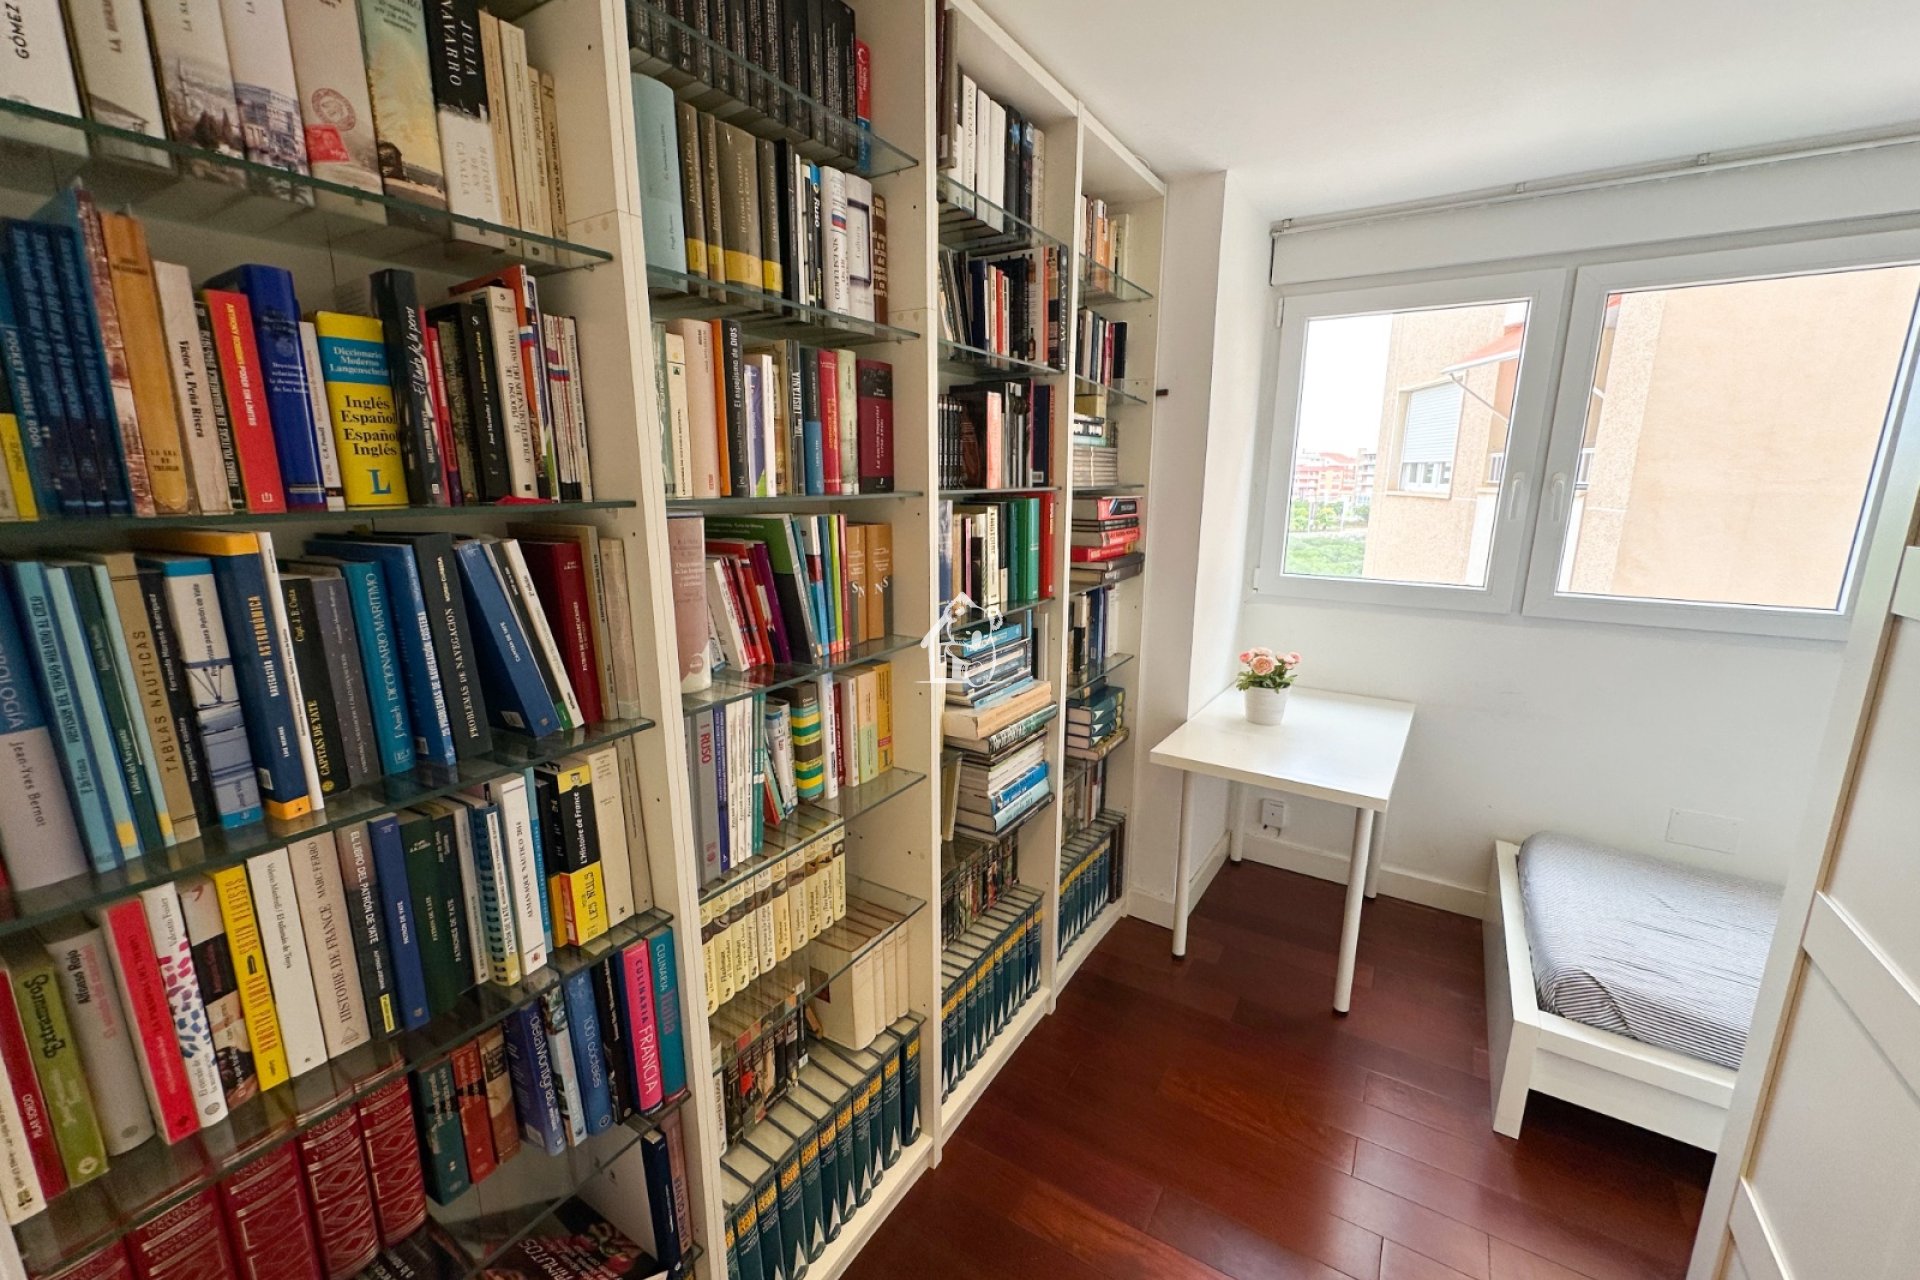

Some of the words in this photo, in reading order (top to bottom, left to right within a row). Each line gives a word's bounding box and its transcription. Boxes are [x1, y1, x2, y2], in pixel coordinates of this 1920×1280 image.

[5, 3, 30, 59] GÓMEZ
[460, 20, 477, 76] JULIA
[730, 327, 739, 347] DIOS
[731, 347, 740, 359] de
[345, 395, 391, 410] Inglés
[733, 400, 742, 408] El
[341, 410, 398, 425] Español
[344, 428, 398, 443] Español
[353, 443, 398, 457] Inglés
[132, 631, 161, 708] NAUTICAS
[458, 671, 468, 682] DE
[307, 700, 320, 722] YATE
[460, 685, 479, 738] PROBLEMAS
[312, 723, 323, 736] DE
[154, 715, 178, 773] TABLAS
[701, 732, 712, 765] RUSO
[8, 741, 33, 790] Jean-Yves
[573, 792, 582, 818] France
[577, 819, 583, 828] de
[308, 841, 322, 872] FERRO
[578, 828, 588, 864] L'Histoire
[313, 873, 327, 898] MARC
[357, 866, 369, 883] DEL
[360, 882, 375, 914] PATRÓN
[364, 914, 376, 925] DE
[588, 902, 599, 920] LES
[319, 903, 338, 950] FRANCE
[368, 925, 379, 944] YATE
[66, 950, 81, 971] Rojo
[326, 950, 342, 969] DE
[656, 943, 668, 991] CULINARIA
[331, 969, 352, 1023] HISTOIRE
[635, 959, 648, 1023] CULINARIA
[638, 1024, 659, 1095] FRANCIA
□ □ □ □
Drop the images and copy all the data exactly.

Some of the words in this photo, in reading order (top to bottom, left to right within a row). Each line gives a word's bounding box and its transcription. Boxes are [x1, y1, x2, y2], in pixel coordinates of this 1920×1280 image.

[5, 3, 30, 59] GÓMEZ
[460, 20, 477, 76] JULIA
[730, 327, 739, 347] DIOS
[731, 347, 740, 359] de
[345, 395, 391, 410] Inglés
[733, 400, 742, 408] El
[341, 410, 398, 425] Español
[344, 428, 398, 443] Español
[353, 443, 398, 457] Inglés
[132, 631, 161, 708] NAUTICAS
[458, 671, 468, 682] DE
[307, 700, 320, 722] YATE
[460, 685, 479, 738] PROBLEMAS
[312, 723, 323, 736] DE
[154, 715, 178, 773] TABLAS
[701, 732, 712, 765] RUSO
[8, 741, 33, 790] Jean-Yves
[573, 792, 582, 818] France
[577, 819, 583, 828] de
[308, 841, 322, 872] FERRO
[578, 828, 588, 864] L'Histoire
[313, 873, 327, 898] MARC
[357, 866, 369, 883] DEL
[360, 882, 375, 914] PATRÓN
[364, 914, 376, 925] DE
[588, 902, 599, 920] LES
[319, 903, 338, 950] FRANCE
[368, 925, 379, 944] YATE
[66, 950, 81, 971] Rojo
[326, 950, 342, 969] DE
[656, 943, 668, 991] CULINARIA
[331, 969, 352, 1023] HISTOIRE
[635, 959, 648, 1023] CULINARIA
[638, 1024, 659, 1095] FRANCIA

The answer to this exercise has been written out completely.